Voting for Islamisms beyond the ballot box

Political Islam at GE14 isn't just a race between parties as democratisation throws up alliances and fractures to define Muslim society.

Malaysia’s 14th general election (GE14) is not so much a contest between Malays and non-Malays, Muslims and non-Muslims, Islamists and secularists, but more about various competitions of ideas among Muslims of different backgrounds.

With Dr Mahathir Mohamad’s Parti Pribumi Bersatu Malaysia (PPBM, or Malaysian United Indigenous Party) in the Pakatan Harapan (PH) opposition coalition, this election is not a clear-cut contestation between racialised and non-racial politics. With the Islamist party Pas opting out of the opposition group to form its own bloc, and the Pas breakaway Amanah positioning itself as an alternative to Pas, it’s unclear how Islamist-minded Muslims will vote on 9th May at GE14.

Those Malays with Bumiputera policies in mind might vote for the ruling UMNO or PPBM, while Islamist-minded voters might vote for Pas, Amanah, and Anwar Ibrahim’s Parti Keadilan Rakyat (PKR). Of course, Islamism and Bumiputraism do not necessarily oppose each other, and in some cases there are overlaps. Such crisscrossing and fluidity of Malay Muslim politics makes this GE14 highly unpredictable.

Political Islam in Malaysia is not just about an Islamisation race between Pas and UMNO, and there are new, old, and emerging actors in shaping discourses and practices of political Islam today. Instead of a dichotomy between Islamism and post-Islamism, the various spectrums of political Islam are results of entanglements between democratisation and Islamisation processes in Muslim societies.

With the diversity and complexity of political Islam across the different regions of Malaysia, there are political parties, non-government organisations, and popular preachers competing to win over urban Muslim support. We should not assume that there is a clear-cut divide between rural and urban Muslims, or that urban Muslims are a monolithic entity—there are differences depending on educational background and socio-economic status.
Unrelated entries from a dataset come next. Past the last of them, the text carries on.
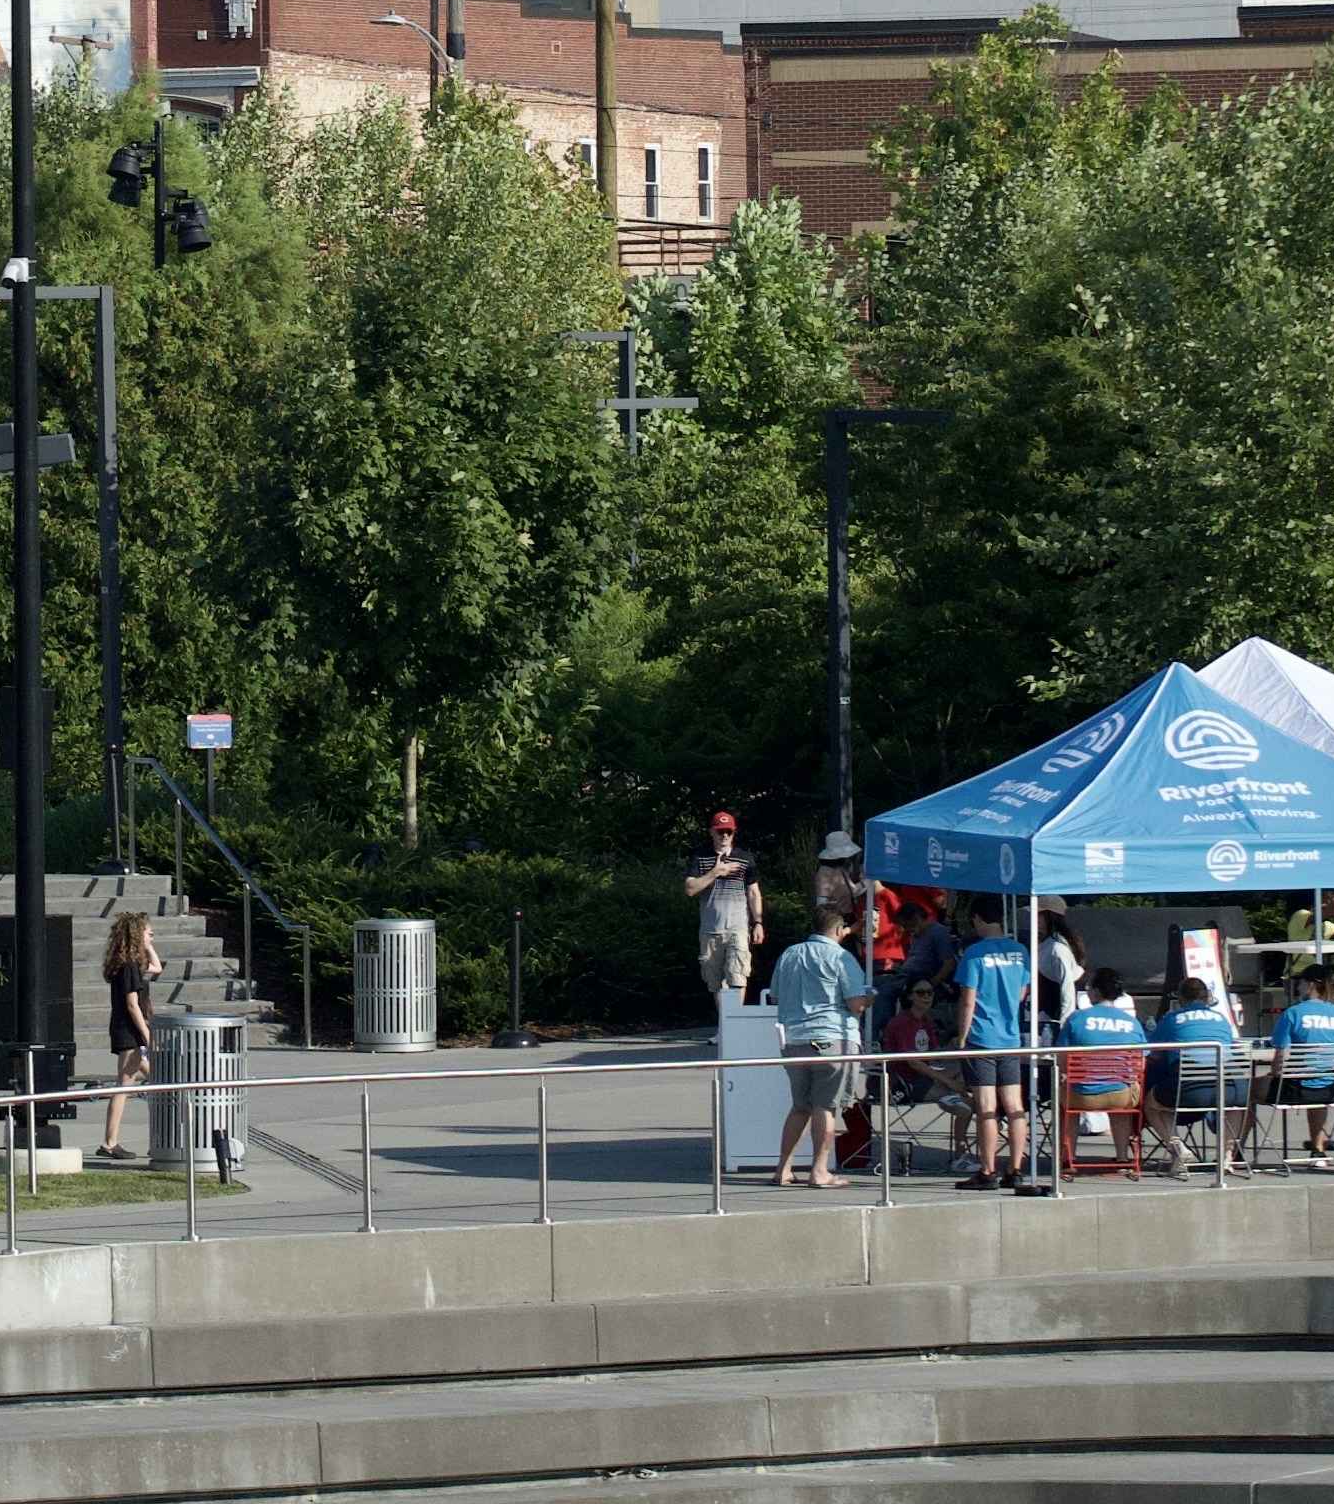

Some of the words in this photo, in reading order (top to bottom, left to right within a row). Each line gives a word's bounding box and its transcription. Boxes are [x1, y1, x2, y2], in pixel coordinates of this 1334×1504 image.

[1157, 776, 1312, 802] Riverfront
[1197, 796, 1234, 808] FORT
[1237, 793, 1288, 803] WAYNE
[1182, 810, 1246, 823] Always
[1249, 808, 1322, 820] moving.
[1254, 849, 1320, 862] Riverfront
[983, 951, 1024, 968] STAFF
[1175, 1008, 1223, 1024] STAFF
[1085, 1016, 1134, 1033] STAFF
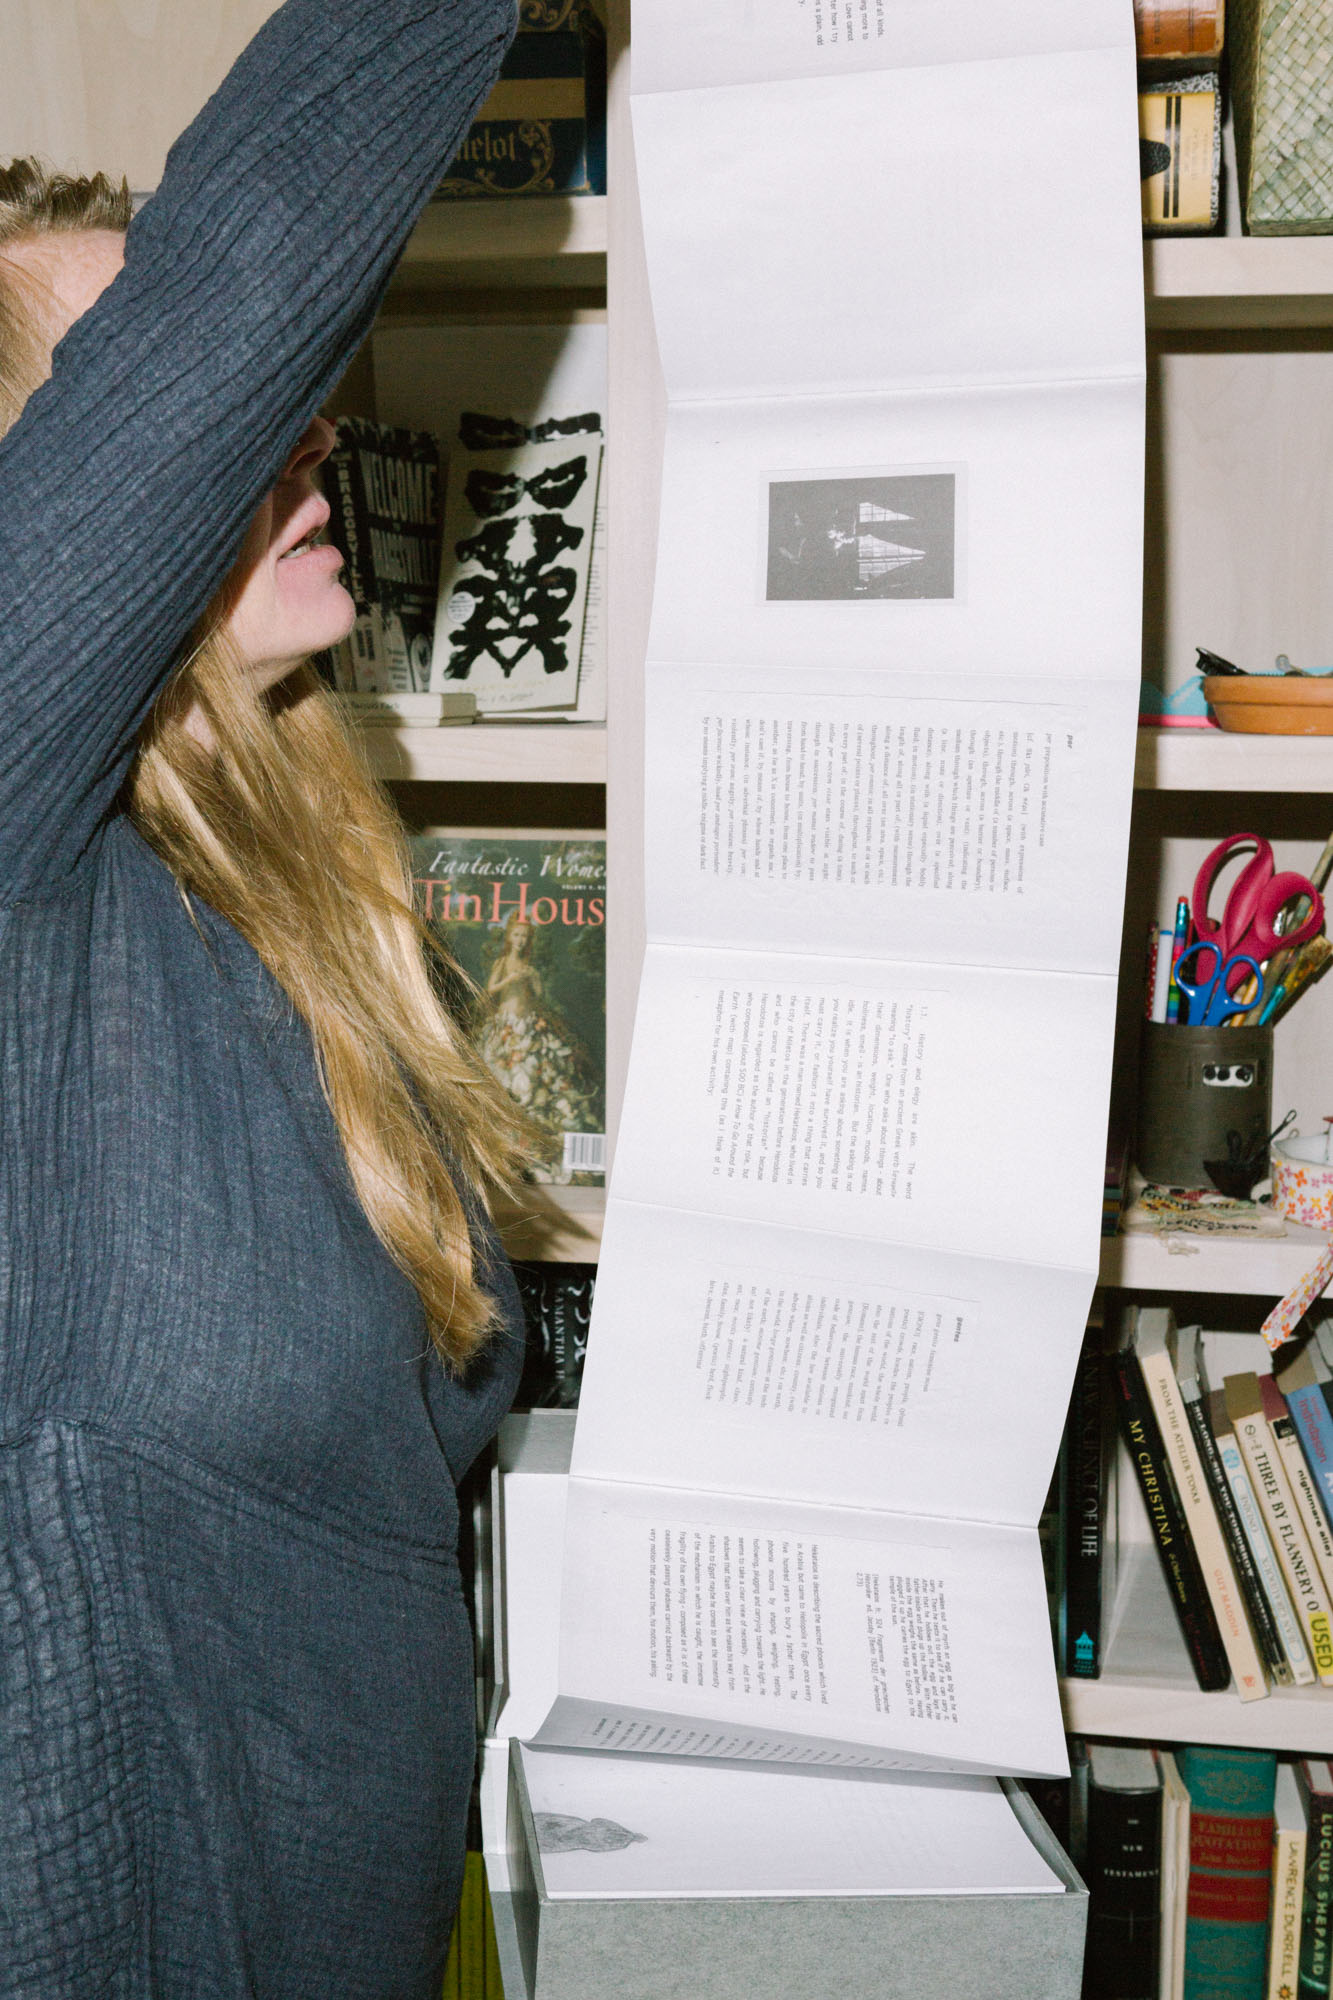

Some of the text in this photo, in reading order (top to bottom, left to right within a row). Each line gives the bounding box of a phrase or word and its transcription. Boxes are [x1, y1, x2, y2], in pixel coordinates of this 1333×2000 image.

[428, 849, 530, 876] Fantastic
[1158, 1378, 1202, 1505] FROM THE ATELIER TOVAR
[1254, 1451, 1281, 1500] THREE
[1081, 1498, 1098, 1522] OF
[1127, 1419, 1173, 1546] MY CHRISTINA
[1271, 1501, 1288, 1522] BY
[1296, 1469, 1333, 1558] nightmare alley
[1081, 1526, 1098, 1556] LIFE
[1210, 1461, 1224, 1482] SEE
[1218, 1484, 1232, 1507] YOU
[1227, 1511, 1255, 1578] TOMORROW
[1278, 1523, 1314, 1596] FLANNERY
[1212, 1568, 1241, 1638] GUY MADDIN
[1309, 1616, 1333, 1670] USED
[1104, 1868, 1159, 1878] TESTAMENT
[1313, 1814, 1333, 1976] LUCIUS SHEPARD
[1281, 1842, 1299, 1977] LAWRENCE DURRELL
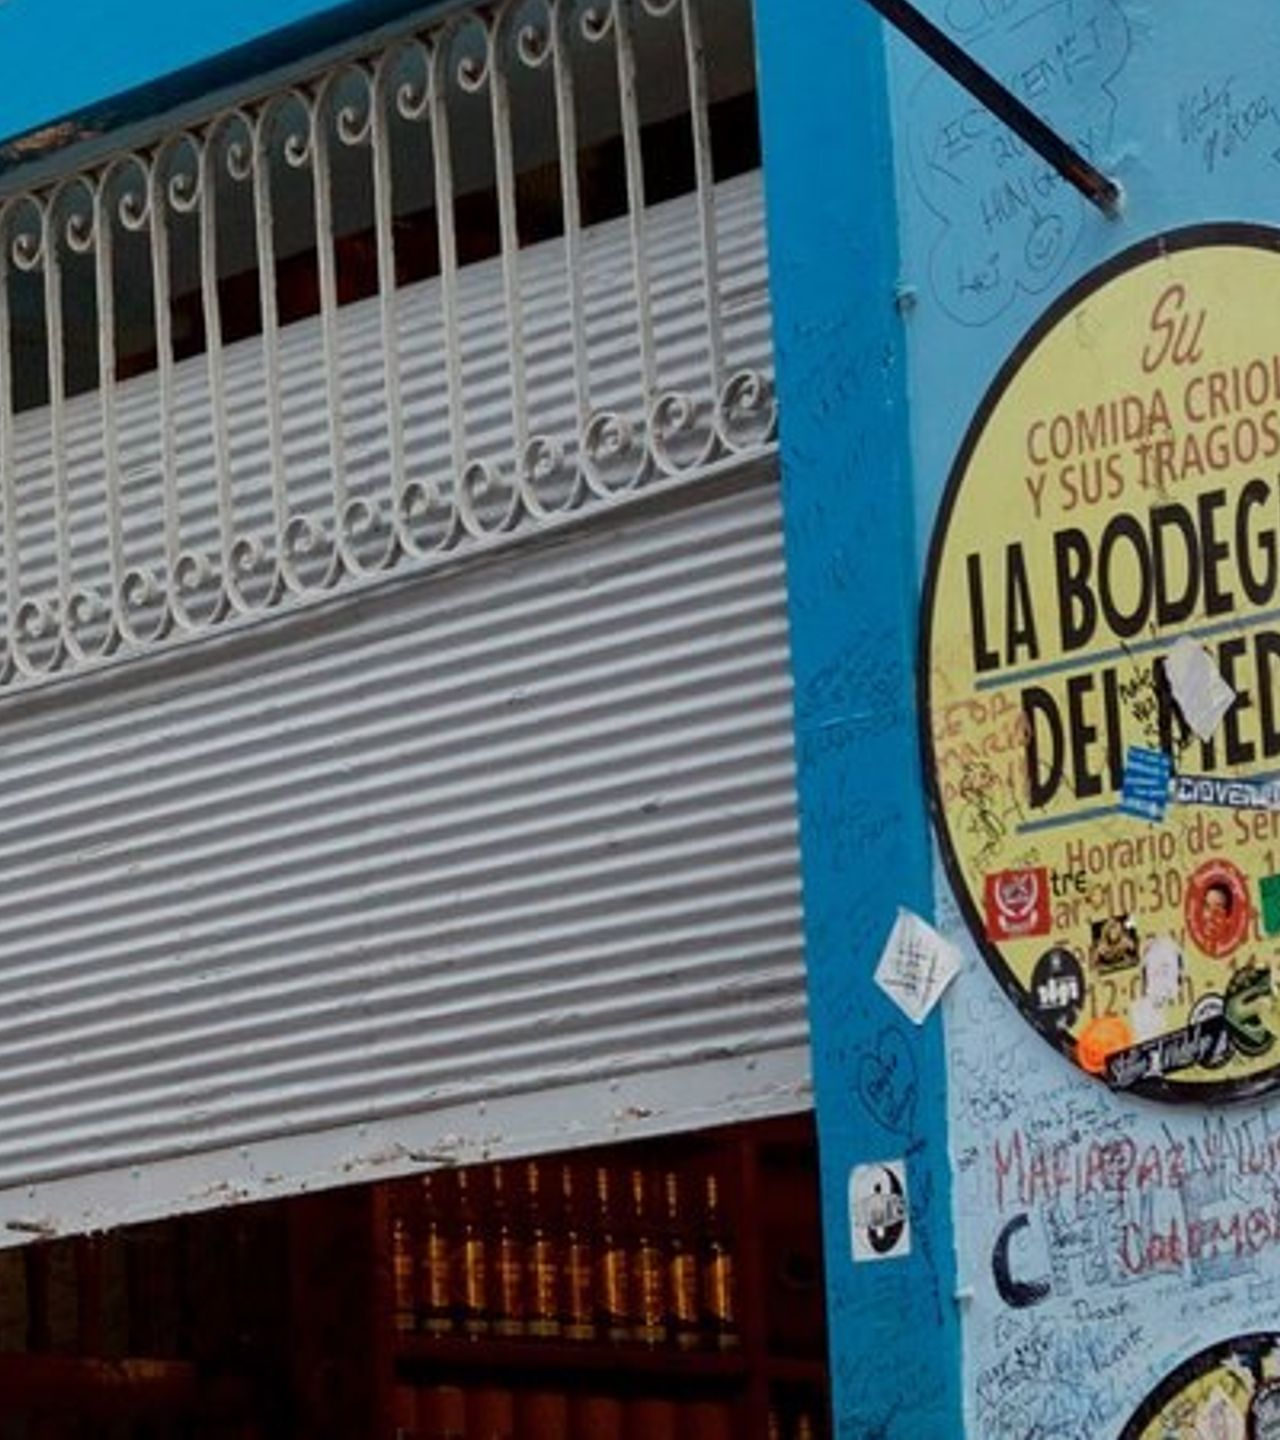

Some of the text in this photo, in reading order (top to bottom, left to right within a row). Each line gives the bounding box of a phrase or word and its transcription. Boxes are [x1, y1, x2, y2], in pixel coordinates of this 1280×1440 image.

[1142, 284, 1207, 373] Su
[1025, 410, 1280, 518] Y SUS TRAGOS
[1026, 389, 1171, 467] COMIDA
[966, 541, 1040, 673] LA
[1021, 668, 1125, 810] DEL
[1066, 821, 1176, 876] Horario
[1187, 811, 1224, 856] de
Positioning itself as a “third force” and a kingmaker, Pas is struggling to keep its support base intact, ensuring it remains as Malaysia’s only influential Islamic party. Besides Kelantan, Terengganu and Kedah, Selangor is another state where Pas has a strong base among Muslims, with support from blue-collar workers to the middle class and professionals. However, many of these urban pious Muslims are not hardcore Pas supporters—at GE14 they might also vote for Amanah and PKR, as these two parties also have Islamic credentials.

In order to engage with its middle class and youth members, as well as to win over support from a broader set of pious Muslims, Pas leadership knows its religious credentials alone are not enough. Party strategists have recently introduced the idea of “technocratic government” (kerajaan teknorat) and running events such as town hall meetings featuring the party’s youth leaders from professional backgrounds. Yet on other occasions many party ulama and ustaz often declare that Pas is the only party upholding the Islamic agenda in Malaysia, that “Undi Pas, dapat pahala” (Vote Pas, gain rewards in the afterlife). A vote for Pas is akin to a ticket to heaven.

Even though the Pas manifesto does not highlight the controversial parliamentary amendment of the Syariah Courts (Criminal Jurisdiction) Act 1965 (better known in the public debate as RUU 355), in various ceramah (rallies) leaders often mention RUU355 to justify Pas’ split from its former alliance, Pakatan Rakyat, and its criticisms of stalwart opposition party Democratic Action Party (DAP) for not respecting Islam. In industrialised Selangor, Pas is fielding a mixture of professionals and Islamic preachers as candidates, including a non-Muslim Malaysian Chinese. However, despite the perceived warming relations with UMNO, there is dissatisfaction towards Pas’ current leadership and the inconsistent party strategy may cause some of its members to quietly switch their support to PH.

With the leadership of former Pas progressives and activists from IKRAM (an Islamic NGO), Amanah is positioning itself as an Islamic alternative to Pas. Former Pas and IKRAM leaders might have different opinions on the kind of Islamism Amanah should represent, but they in general agree that the party is endorsing a more inclusive and progressive Islamic agenda, as well as focusing on substance instead of form. Because of this, Amanah leaders advocate Maqasid Syariah, a concept that highlights Islamic values such as social justice, good governance, and multicultural co-existence. The party also claims to represent the spirit of the late Tok Guru Nik Aziz, the highly respected former Pas spiritual leader and Kelantan chief minister.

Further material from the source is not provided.